### Spatial localization data
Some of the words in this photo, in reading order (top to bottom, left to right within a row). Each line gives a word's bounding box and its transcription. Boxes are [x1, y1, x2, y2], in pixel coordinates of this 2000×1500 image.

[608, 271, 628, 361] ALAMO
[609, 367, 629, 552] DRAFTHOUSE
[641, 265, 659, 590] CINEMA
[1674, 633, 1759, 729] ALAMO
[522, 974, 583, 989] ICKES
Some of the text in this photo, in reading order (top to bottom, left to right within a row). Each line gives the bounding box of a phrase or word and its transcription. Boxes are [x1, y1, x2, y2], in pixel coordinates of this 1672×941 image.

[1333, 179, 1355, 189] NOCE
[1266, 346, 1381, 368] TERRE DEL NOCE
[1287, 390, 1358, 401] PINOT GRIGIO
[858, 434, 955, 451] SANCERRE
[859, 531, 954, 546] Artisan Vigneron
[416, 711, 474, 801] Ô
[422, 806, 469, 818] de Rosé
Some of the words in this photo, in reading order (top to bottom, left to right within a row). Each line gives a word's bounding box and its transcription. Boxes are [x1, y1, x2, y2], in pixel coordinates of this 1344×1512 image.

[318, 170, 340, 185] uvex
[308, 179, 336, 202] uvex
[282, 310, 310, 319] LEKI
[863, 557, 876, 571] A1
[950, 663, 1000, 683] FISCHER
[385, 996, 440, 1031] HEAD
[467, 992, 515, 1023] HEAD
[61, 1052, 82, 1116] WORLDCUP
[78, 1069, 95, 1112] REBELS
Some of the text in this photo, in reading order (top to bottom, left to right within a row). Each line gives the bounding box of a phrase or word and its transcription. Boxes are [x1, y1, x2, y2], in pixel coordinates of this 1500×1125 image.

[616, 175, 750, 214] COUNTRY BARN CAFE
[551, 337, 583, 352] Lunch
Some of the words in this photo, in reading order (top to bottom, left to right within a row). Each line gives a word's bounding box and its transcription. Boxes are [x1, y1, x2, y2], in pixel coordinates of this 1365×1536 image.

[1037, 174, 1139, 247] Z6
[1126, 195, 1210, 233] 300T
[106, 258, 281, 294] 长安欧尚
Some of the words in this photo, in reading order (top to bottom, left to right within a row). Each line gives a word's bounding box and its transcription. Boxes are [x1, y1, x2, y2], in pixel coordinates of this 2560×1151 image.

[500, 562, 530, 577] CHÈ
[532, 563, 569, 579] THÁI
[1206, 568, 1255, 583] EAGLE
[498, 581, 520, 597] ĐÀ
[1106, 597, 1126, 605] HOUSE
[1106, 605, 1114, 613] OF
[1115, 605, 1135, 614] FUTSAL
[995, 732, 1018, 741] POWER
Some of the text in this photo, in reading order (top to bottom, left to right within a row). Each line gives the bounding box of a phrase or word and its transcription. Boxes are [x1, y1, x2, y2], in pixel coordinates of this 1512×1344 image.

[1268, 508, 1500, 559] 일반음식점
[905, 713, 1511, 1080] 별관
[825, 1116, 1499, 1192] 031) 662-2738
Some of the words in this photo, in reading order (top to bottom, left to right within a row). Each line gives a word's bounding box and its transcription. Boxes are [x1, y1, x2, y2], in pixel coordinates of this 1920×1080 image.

### Exercise brief
For the entries above, transcribe precisely the lines from the one with "this 1365×1536 image." through the end, including both.

### Exercise output
Some of the words in this photo, in reading order (top to bottom, left to right within a row). Each line gives a word's bounding box and its transcription. Boxes are [x1, y1, x2, y2], in pixel coordinates of this 1365×1536 image.

[1037, 174, 1139, 247] Z6
[1126, 195, 1210, 233] 300T
[106, 258, 281, 294] 长安欧尚
Some of the words in this photo, in reading order (top to bottom, left to right within a row). Each line gives a word's bounding box and its transcription. Boxes are [x1, y1, x2, y2], in pixel coordinates of this 2560×1151 image.

[500, 562, 530, 577] CHÈ
[532, 563, 569, 579] THÁI
[1206, 568, 1255, 583] EAGLE
[498, 581, 520, 597] ĐÀ
[1106, 597, 1126, 605] HOUSE
[1106, 605, 1114, 613] OF
[1115, 605, 1135, 614] FUTSAL
[995, 732, 1018, 741] POWER
Some of the text in this photo, in reading order (top to bottom, left to right within a row). Each line gives the bounding box of a phrase or word and its transcription. Boxes are [x1, y1, x2, y2], in pixel coordinates of this 1512×1344 image.

[1268, 508, 1500, 559] 일반음식점
[905, 713, 1511, 1080] 별관
[825, 1116, 1499, 1192] 031) 662-2738
Some of the words in this photo, in reading order (top to bottom, left to right within a row). Each line gives a word's bounding box and its transcription. Boxes are [x1, y1, x2, y2], in pixel coordinates of this 1920×1080 image.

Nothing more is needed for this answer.